— Я те-бя по-нял.
— Отбой, — попрощалась трубка.
Стало тихо.
«Значит, государственная измена”, — с каким-то мрачным удовлетворением подумал Эредин. Происходящее даже доставляло ему определенное удовольствие — когда кто-то падает столь низко, невольно чувствуешь себя выше.
Карантир вжал голову в плечи, будто ожидая удара — Эредин был бы и не против закатить ему оплеуху, но в обществе Aen Elle дела так не решались. Никакое насилие не сравнится с карой холодного презрения.
Он помолчал немного, давая магу время как следует понервничать.
— Что, оправданий ждешь? — огрызнулся Карантир, когда молчание стало для него невыносимым.
— Они существуют? — лениво поинтересовался Эредин.
Они не просто существовали — они уже были сформулированы и так и норовили слететь с языка Карантира.
— Кто-то должен был якшаться с dh’oine, — сказал он, — раз уж такова цена спасения нашего народа. И уж точно не ты, король Ольх, — он фыркнул. — Великий воин. Герой. А я…
Он вытер губы тыльной стороной ладони, словно уничтожая мерзкий привкус собственных слов. Эредин скривился с нескрываемым презрением.
— А ты — продававшаяся им шавка, — закончил за него Эредин. — Ты все очень точно описал. Но нет, я не жду оправданий, Карантир. Я жду действий.
Маг помолчал, взвешивая свои следующие слова.
— А я — содействия, — наконец сказал он. — Любая атака в лоб закончится сломанной шеей, и теперь нам нужно не просто бежать - нам нужно не оставить за собой следа.
— Люди при всем желании не могут последовать за нами, — возразил Эредин.
Карантир дернул плечами и мотнул острым гладким подбородком:
— Я не о людях говорю.
Они помолчали. Эредин прохаживался по комнате, раздумывал, какое наказание будет уготовано Карантиру на Тир на Лиа.
— Просто не мешай мне, мой король. То, что я собираюсь сделать… не вмешивайся, — сдавленно произнес маг и с горечью добавил: — Пусть хоть кто-то из нас останется в анналах народа Ольх героем.

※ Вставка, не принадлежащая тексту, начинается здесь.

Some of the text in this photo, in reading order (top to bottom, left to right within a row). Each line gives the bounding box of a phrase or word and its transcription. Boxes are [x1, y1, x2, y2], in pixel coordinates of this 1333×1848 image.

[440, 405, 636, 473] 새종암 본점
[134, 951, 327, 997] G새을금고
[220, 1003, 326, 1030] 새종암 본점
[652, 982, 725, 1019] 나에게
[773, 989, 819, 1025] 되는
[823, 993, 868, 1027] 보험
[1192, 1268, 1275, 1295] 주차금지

Эредин перевернул и придвинул к себе пергамент, разложенный перед магом. Схема здания (судя по маленьким прямоугольным комнатам за перегородками — темница) с наложенной поверх него гексаграммой. Провел указательным пальцем по схематически нарисованным сигилами знакам, по крестам сульфура — Эредину не хватало оккультных знаний, чтобы понять деталей, зато хватило, чтобы понять суть.
Нет, так пачкать руки он действительно не станет. Карантир и без того нашел куда более подходящего напарника для своих преступлений.

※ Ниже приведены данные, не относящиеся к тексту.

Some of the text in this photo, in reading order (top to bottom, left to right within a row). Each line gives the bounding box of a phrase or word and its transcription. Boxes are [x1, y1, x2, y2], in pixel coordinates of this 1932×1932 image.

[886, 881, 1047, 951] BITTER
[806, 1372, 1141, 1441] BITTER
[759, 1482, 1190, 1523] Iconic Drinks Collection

— Делай, что считаешь нужным, — махнул рукой Эредин, надеясь, что кроме них двоих никто никогда не узнает об этой его фразе.
Маг медленно кивнул.
— Не забудь нанести визит Дейдре, — сказал он на прощание — Она вытащила тебя из лаборатории: это едва не стоило ей жизни. Что в ее положении…

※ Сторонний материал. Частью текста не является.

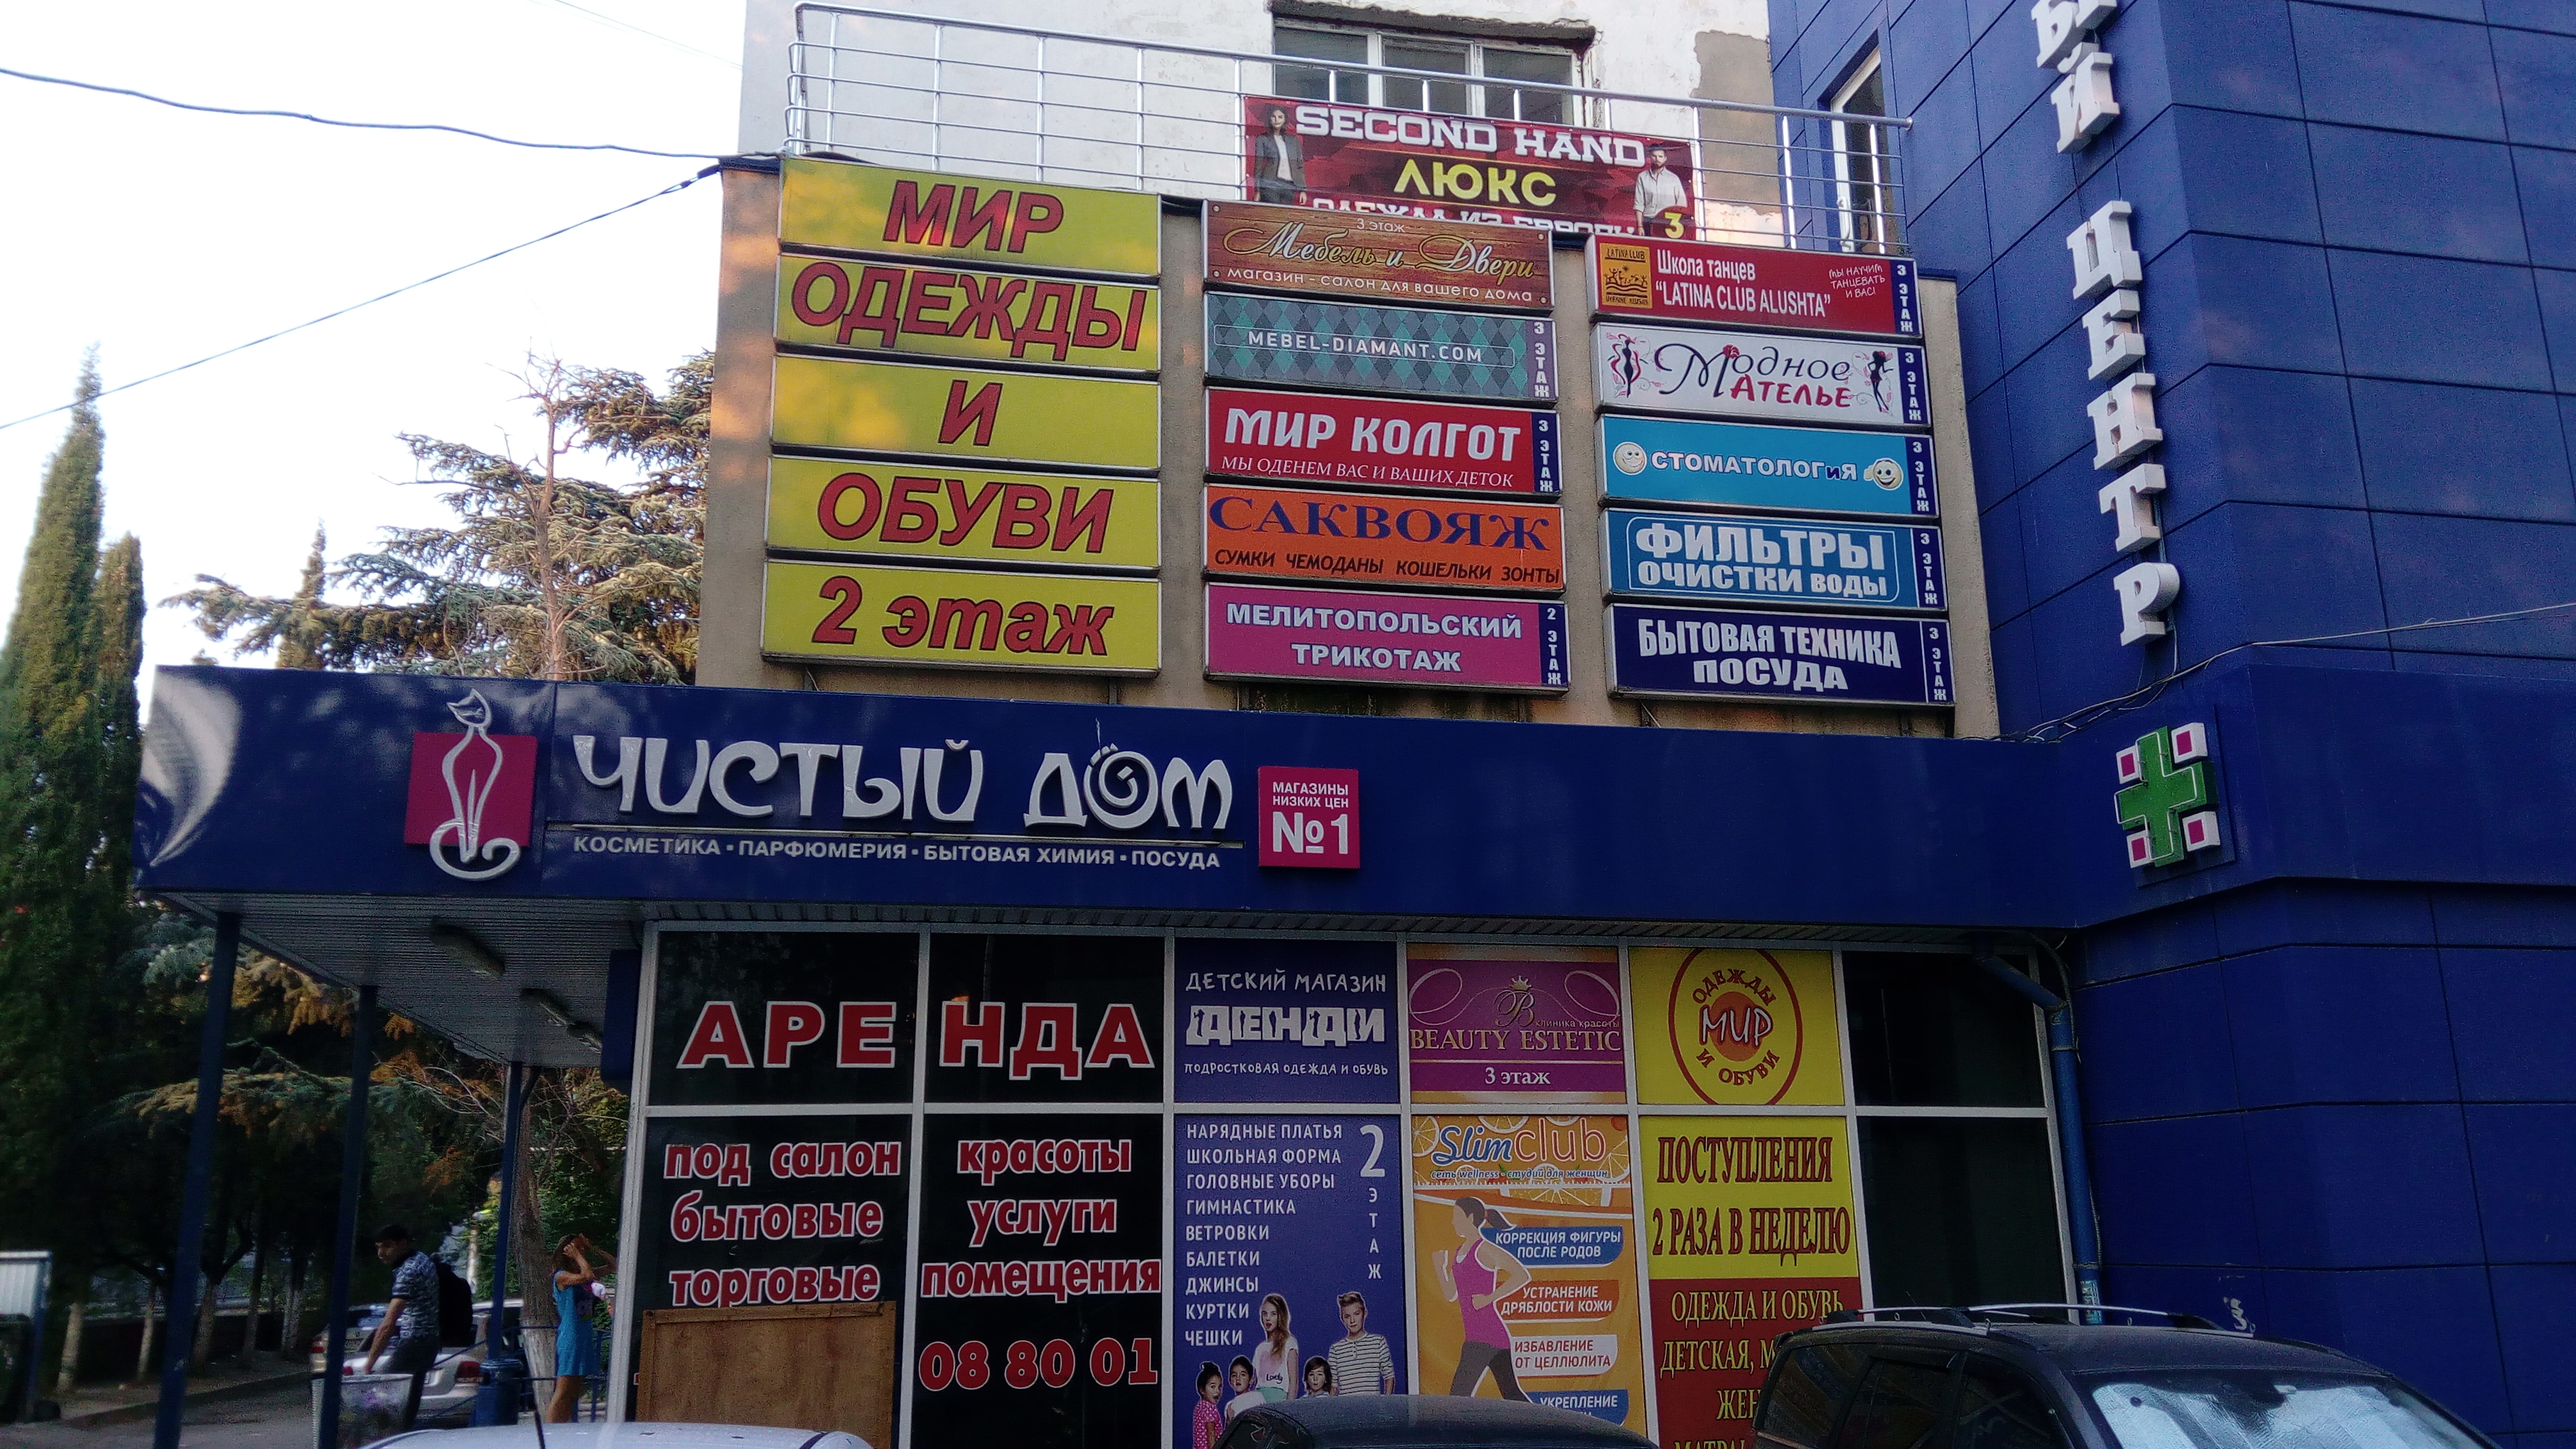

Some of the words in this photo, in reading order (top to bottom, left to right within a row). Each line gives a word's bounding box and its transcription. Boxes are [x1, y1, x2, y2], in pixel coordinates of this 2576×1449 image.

[1295, 105, 1497, 153] SECOND
[1514, 127, 1645, 167] HAND
[1394, 158, 1557, 207] ЛЮКС
[883, 180, 1063, 254] МИР
[1356, 218, 1365, 230] 3
[1369, 221, 1406, 233] этаж
[1665, 212, 1684, 238] 3
[1223, 222, 1376, 265] Мебель
[1387, 249, 1403, 266] и
[1417, 234, 1534, 285] Двери
[1657, 249, 1703, 276] Школа
[1706, 256, 1756, 282] танцев
[1227, 267, 1304, 284] магазин
[1320, 275, 1376, 290] салон
[1380, 280, 1410, 293] для
[1415, 282, 1479, 300] вашего
[1484, 289, 1533, 302] дома
[1716, 288, 1757, 312] CLUB
[791, 261, 1148, 361] ОДЕЖДЫ
[1898, 282, 1913, 333] ЭТАЖ
[1248, 330, 1482, 363] MEBEL-DIAMANT.COM
[1534, 343, 1551, 398] ЭТАЖ
[1653, 342, 1851, 398] Модное
[937, 380, 1004, 446] И
[1906, 371, 1922, 422] ЭТАЖ
[1224, 407, 1336, 450] МИР
[1350, 417, 1521, 462] КОЛГОТ
[2065, 200, 2181, 647] ЦЕНТР
[1221, 455, 1253, 471] МЫ
[1257, 458, 1331, 476] ОДЕНЕМ
[1336, 463, 1368, 479] ВАС
[1372, 466, 1385, 479] И
[1390, 467, 1454, 485] ВАШИХ
[1455, 470, 1514, 488] ДЕТОК
[1540, 439, 1554, 493] ЭТАЖ
[1913, 461, 1930, 513] ЭТАЖ
[818, 472, 1114, 553] ОБУВИ
[1209, 496, 1551, 551] САКВОЯЖ
[1635, 522, 1885, 570] ФИЛЬТРЫ
[1214, 549, 1275, 568] СУМКИ
[1286, 553, 1384, 575] ЧЕМОДАНЫ
[1396, 560, 1492, 582] КОШЕЛЬКИ
[1501, 566, 1560, 584] ЗОНТЫ
[1639, 560, 1803, 593] ОЧИСТКИ
[1810, 572, 1887, 599] ВОДЫ
[1922, 552, 1938, 605] ЭТАЖ
[811, 576, 863, 645] 2
[882, 595, 1115, 656] этаж
[1226, 602, 1522, 639] МЕЛИТОПОЛЬСКИЙ
[1546, 608, 1557, 621] 2
[1291, 643, 1462, 673] ТРИКОТАЖ
[1547, 630, 1562, 685] ЭТАЖ
[1638, 619, 1775, 658] БЫТОВАЯ
[1780, 625, 1902, 669] ТЕХНИКА
[1694, 657, 1848, 693] ПОСУДА
[1931, 647, 1947, 701] ЭТАЖ
[572, 735, 983, 822] ЧИСТЫЙ
[1023, 744, 1233, 831] ДОМ
[1272, 781, 1349, 796] МАГАЗИНЫ
[1272, 795, 1322, 809] НИЗКИХ
[1324, 797, 1349, 811] ЦЕН
[574, 835, 721, 856] КОСМЕТИКА
[738, 839, 907, 860] ПАРФЮМЕРИЯ
[924, 844, 1031, 864] БЫТОВАЯ
[1036, 847, 1114, 866] ХИМИЯ
[1131, 851, 1221, 871] ПОСУДА
[1186, 969, 1286, 992] ДЕТСКИЙ
[1294, 973, 1387, 993] МАГАЗИН
[1693, 968, 1777, 1006] ОДЕЖДЫ
[1186, 1005, 1385, 1047] ДЕНДИ
[1410, 1029, 1509, 1050] BEAUTY
[1520, 1031, 1621, 1051] ESTETIC
[1535, 1019, 1576, 1028] клиника
[1184, 1062, 1279, 1075] ПОДРОСТКОВАЯ
[1283, 1063, 1337, 1076] ОДЕЖДА
[1353, 1063, 1388, 1076] ОБУВЬ
[1485, 1067, 1496, 1085] 3
[1501, 1071, 1551, 1085] этаж
[1696, 1049, 1715, 1068] И
[1719, 1050, 1780, 1086] ОБУВИ
[1186, 1124, 1276, 1141] НАРЯДНЫЕ
[1281, 1124, 1343, 1139] ПЛАТЬЯ
[1359, 1124, 1386, 1177] 2
[664, 1142, 751, 1187] под
[770, 1141, 902, 1179] салон
[957, 1139, 1132, 1186] красоты
[1186, 1148, 1277, 1164] ШКОЛЬНАЯ
[1282, 1148, 1341, 1164] ФОРМА
[1432, 1170, 1456, 1179] сеть
[1458, 1168, 1499, 1179] wellness
[1507, 1168, 1544, 1180] студий
[1546, 1170, 1563, 1180] для
[1566, 1170, 1608, 1180] женщин
[1657, 1136, 1833, 1184] ПОСТУПЛЕНИЯ
[1186, 1174, 1274, 1189] ГОЛОВНЫЕ
[1279, 1174, 1335, 1189] УБОРЫ
[670, 1190, 883, 1242] бытовые
[967, 1198, 1117, 1248] услуги
[1186, 1199, 1296, 1215] ГИМНАСТИКА
[1186, 1225, 1269, 1241] ВЕТРОВКИ
[1367, 1187, 1382, 1280] ЭТАЖ
[1495, 1231, 1566, 1247] КОРРЕКЦИЯ
[1570, 1230, 1621, 1245] ФИГУРЫ
[1652, 1208, 1663, 1256] 2
[1669, 1206, 1723, 1256] РАЗА
[1728, 1208, 1743, 1255] В
[1749, 1206, 1850, 1267] НЕДЕЛЮ
[1186, 1251, 1260, 1267] БАЛЕТКИ
[1517, 1246, 1557, 1259] ПОСЛЕ
[1561, 1246, 1601, 1259] РОДОВ
[669, 1264, 881, 1308] торговые
[920, 1258, 1162, 1303] помещения
[1185, 1276, 1259, 1295] ДЖИНСЫ
[1523, 1285, 1599, 1299] УСТРАНЕНИЕ
[1186, 1303, 1249, 1319] КУРТКИ
[1500, 1300, 1574, 1316] ДРЯБЛОСТИ
[1577, 1300, 1613, 1312] КОЖИ
[1671, 1290, 1760, 1329] ОДЕЖДА
[1762, 1290, 1777, 1319] И
[1185, 1330, 1242, 1346] ЧЕШКИ
[1514, 1339, 1594, 1353] ИЗБАВЛЕНИЕ
[918, 1340, 990, 1391] 08
[1004, 1338, 1076, 1389] 80
[1089, 1337, 1158, 1387] 01
[1515, 1356, 1531, 1369] ОТ
[1534, 1355, 1611, 1370] ЦЕЛЛЮЛИТА

Вот как. Такое откровение задело его мужское самолюбие острой иголкой.
— Так не терпелось стать отцом? — тихо сказал Эредин. — Здесь и сейчас?
Карантир помрачнел и ничего не ответил. Эредин неодобрительно покачал головой и развернулся на каблуках, пока резкое осознание не остановило его в дверном проеме:
— Святые силы, — тихо сказал он. — Не отцовство тебя прельщает. Ребенок — и есть твой план к побегу.
Карантир скривился, как от зубной боли. Эредин до последнего надеялся, что маг воспылает гневом и начнет яростно отрицать его догадку, но он молчал.
— Мой запасной план, — наконец поправил его Карантир. — Zireael много предпочтительней.
Он взглянул на своего советника так, будто видел впервые, и поймал себя на мысли, что тому лучше никогда не возвращаться на Тир на Лиа.
— Боги тебе судьи, Золотое дитя, — выдохнул Эредин.
******
Дни походили на рябь на темной воде, и при всем желании Эредин не смог бы ответить на вопрос, какой сейчас день недели. Он так и не был уверен до конца, в здравом ли он все ещё уме, или сам не осознал, что рехнулся: что бы ни повстречалось ему на острове, чем бы оно ни было, он чувствовал, что оно все еще таится поблизости.
Пытаясь отогнать дурные мысли, всю следующую неделю Эредин занимался самоистязанием, упражняясь каждый день почти до изнеможения. Винтермьют еще дважды пытался с ним связаться, но Эредин на корню пресекал всяческие попытки.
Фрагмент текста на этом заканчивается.